- No central leadership; exchanges like Binance provide data.
- Significant short liquidation injects major buy pressure.
- Institutional sentiment drives significant market inflows.
Bitcoin has surpassed $116,000, marking a significant milestone with a surge of approximately 2% over 24 hours, driven by major short liquidations of $1.745 billion and simultaneous rises in altcoins like Ethereum and Solana.
Bitcoin (BTC) has surpassed Bitcoin breaks $116,000, trading at $116,110 today. $116,000, trading at $116,110, up 2% over 24 hours, based on Binance data as of September 12, 2025.
This signifies a heightened BTC price surge, indicating broader market optimism, highlighted by institutional interest and significant short liquidations leading to extensive buy pressure.

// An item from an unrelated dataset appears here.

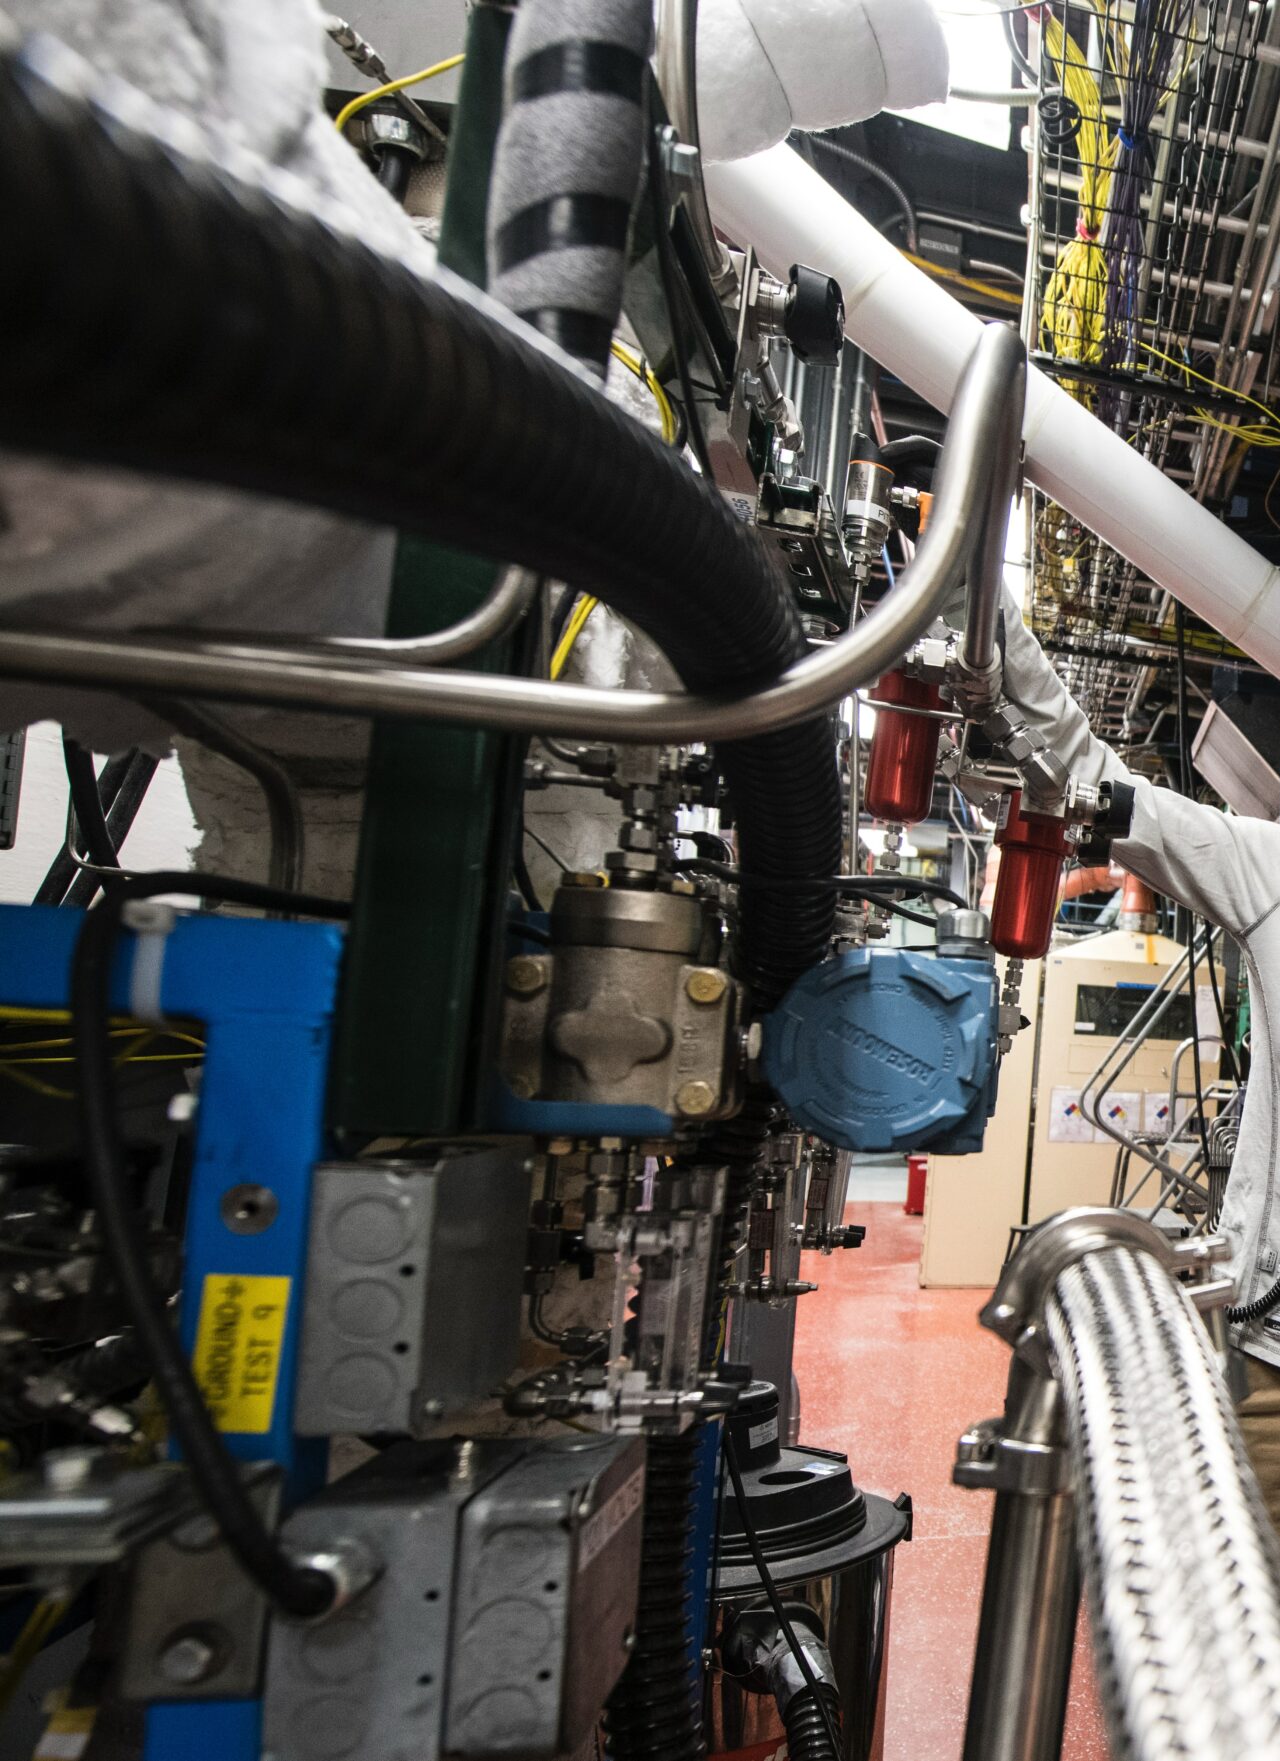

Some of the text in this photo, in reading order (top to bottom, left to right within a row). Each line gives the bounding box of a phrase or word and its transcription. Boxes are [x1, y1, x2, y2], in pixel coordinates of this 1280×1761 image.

[837, 1016, 937, 1086] ROSEMOUNT
[241, 1304, 278, 1397] TEST 9

Bitcoin’s Notable Milestone
Bitcoin’s recent surge past $116,000 marks a notable milestone, heavily influenced by institutional traders and market makers. According to Binance, this rally has resulted in a 2% price increase, pointing to positive sentiment across the cryptomarket. Major players like Binance have played an essential role in data consolidation, although no direct messages from leading figures like Satoshi Nakamoto or top executives of major exchanges currently exist.
Consequentially, the rise has sparked a wave of activity in the crypto space, with forced short liquidations estimated at $1.745 billion, creating buying pressure and elevating Bitcoin’s market presence. The overall cryptocurrency market has benefited from increased liquidity, illustrated by a rise in the total market cap surpassing $4 trillion. The repercussion extends to altcoins, with Ethereum reaching $4,500 and others like Solana and BNB seeing significant gains.

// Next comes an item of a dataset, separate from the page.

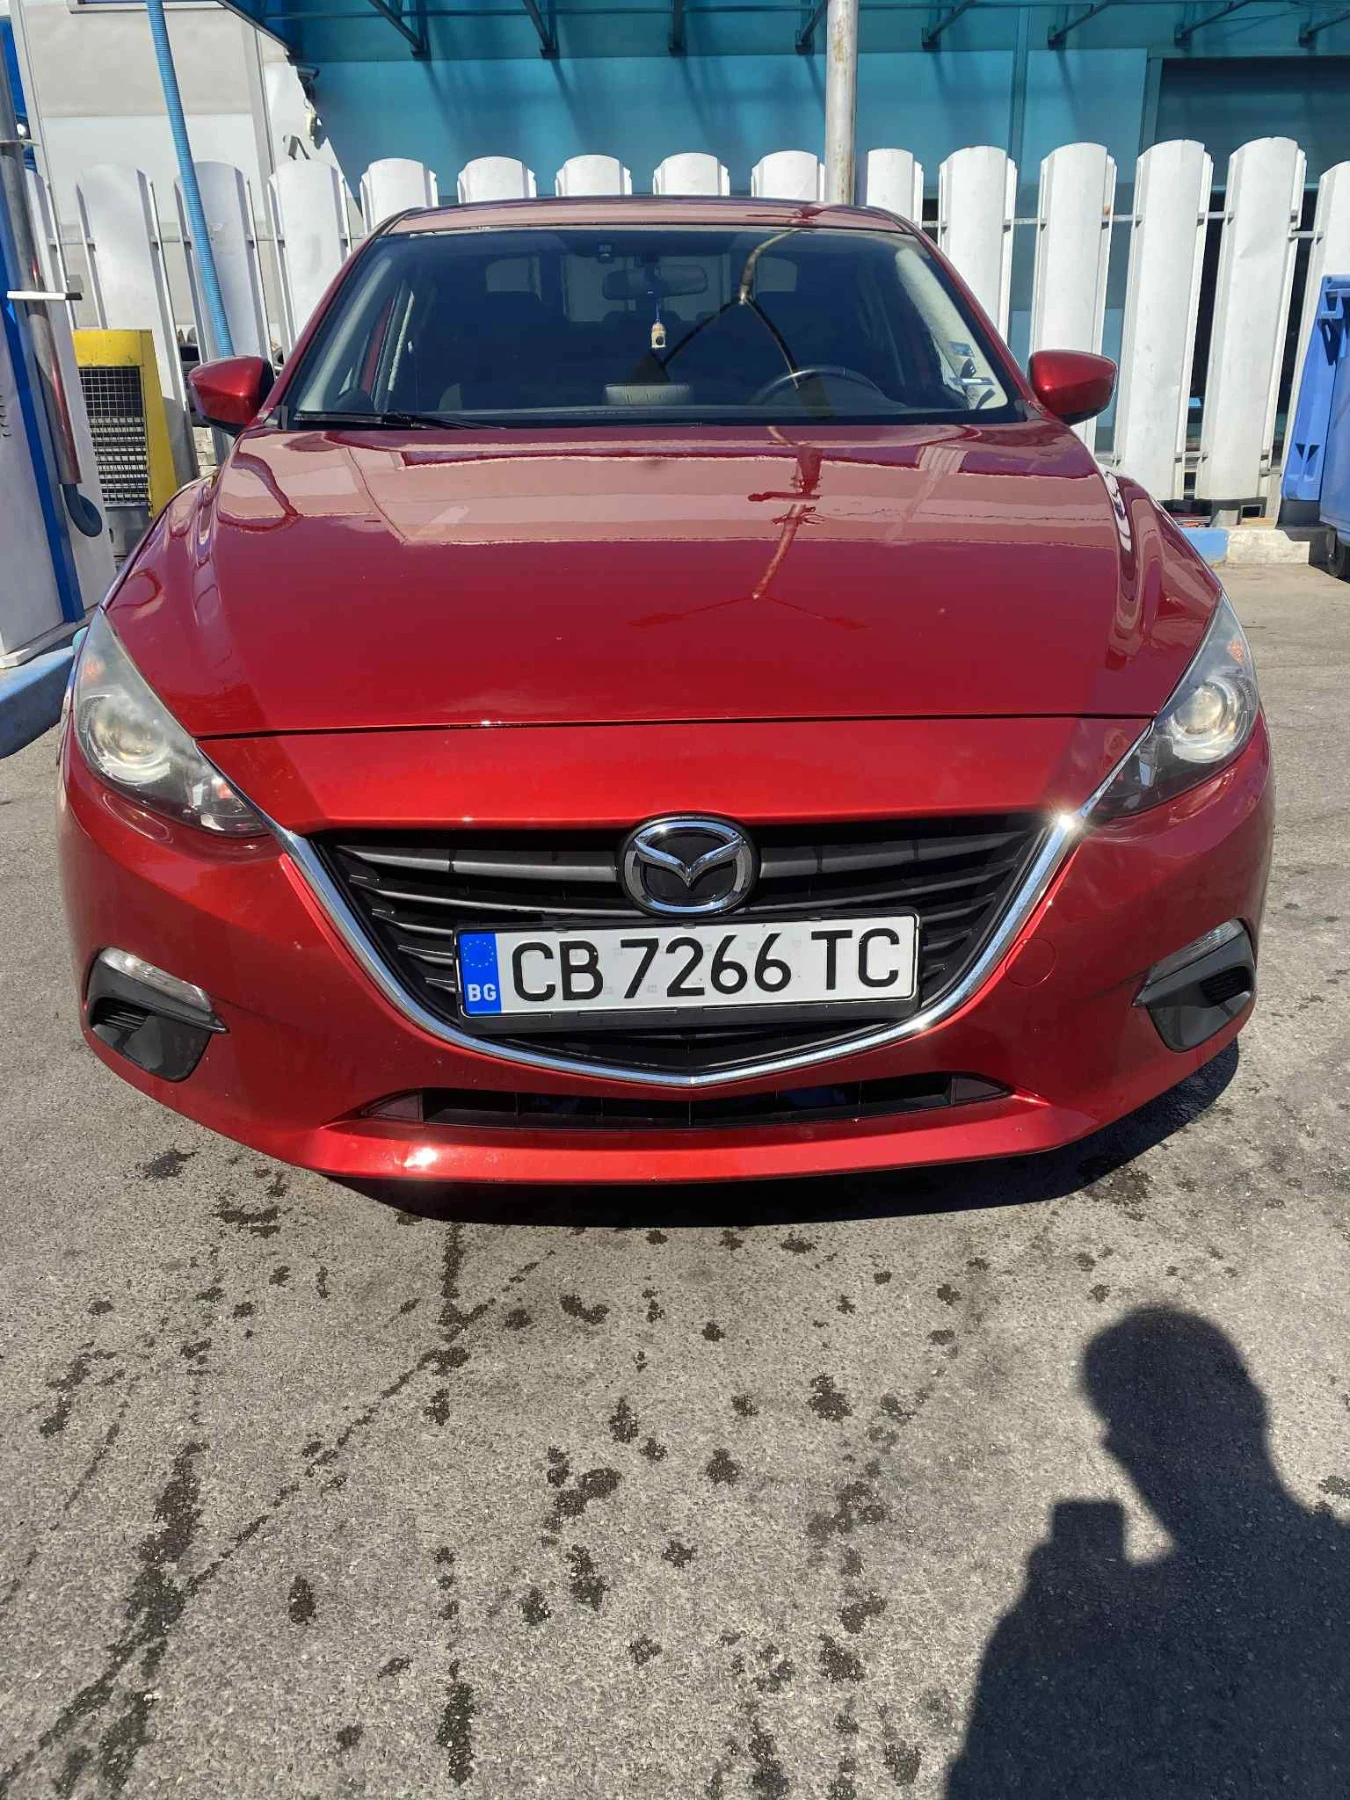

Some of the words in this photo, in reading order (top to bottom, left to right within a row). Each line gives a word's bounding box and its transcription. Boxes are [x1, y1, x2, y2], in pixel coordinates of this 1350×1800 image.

[512, 940, 604, 1001] CB
[620, 933, 792, 999] 7266
[811, 928, 900, 990] TC
[467, 983, 497, 1002] BG

Financial Landscape and Trends
Amid these developments, the financial landscape reflects a trend of large institutional investments.
“The underlying driver of this market cycle is a monetary tailwind, and that remains intact, despite the risk of stagflation. Bitcoin, and crypto more broadly, are absorbing capital as a hedge against fiat dilution and long-term fiscal instability. They aren’t functioning solely as a bet on risk, like we’ve seen in past cycles.” — Shane Molidor, Founder, Forgd.
The anticipation of an interest rate cut by the Federal Reserve further aids this bullish trend. Twitter, Discord, and Telegram communities are predominantly optimistic, focusing on Bitcoin’s role as a hedge against economic uncertainties.
The current market momentum might sustain, with Bitcoin’s historical resistance breaks typically leading to widespread rallies in protocol-native tokens like ETH, SOL, and ADA. Coinbase’s $116,000 breach has similarly triggered capital rotations, fostering increased activity in DeFi and staking sectors as portfolio strategies adapt to shifting landscapes.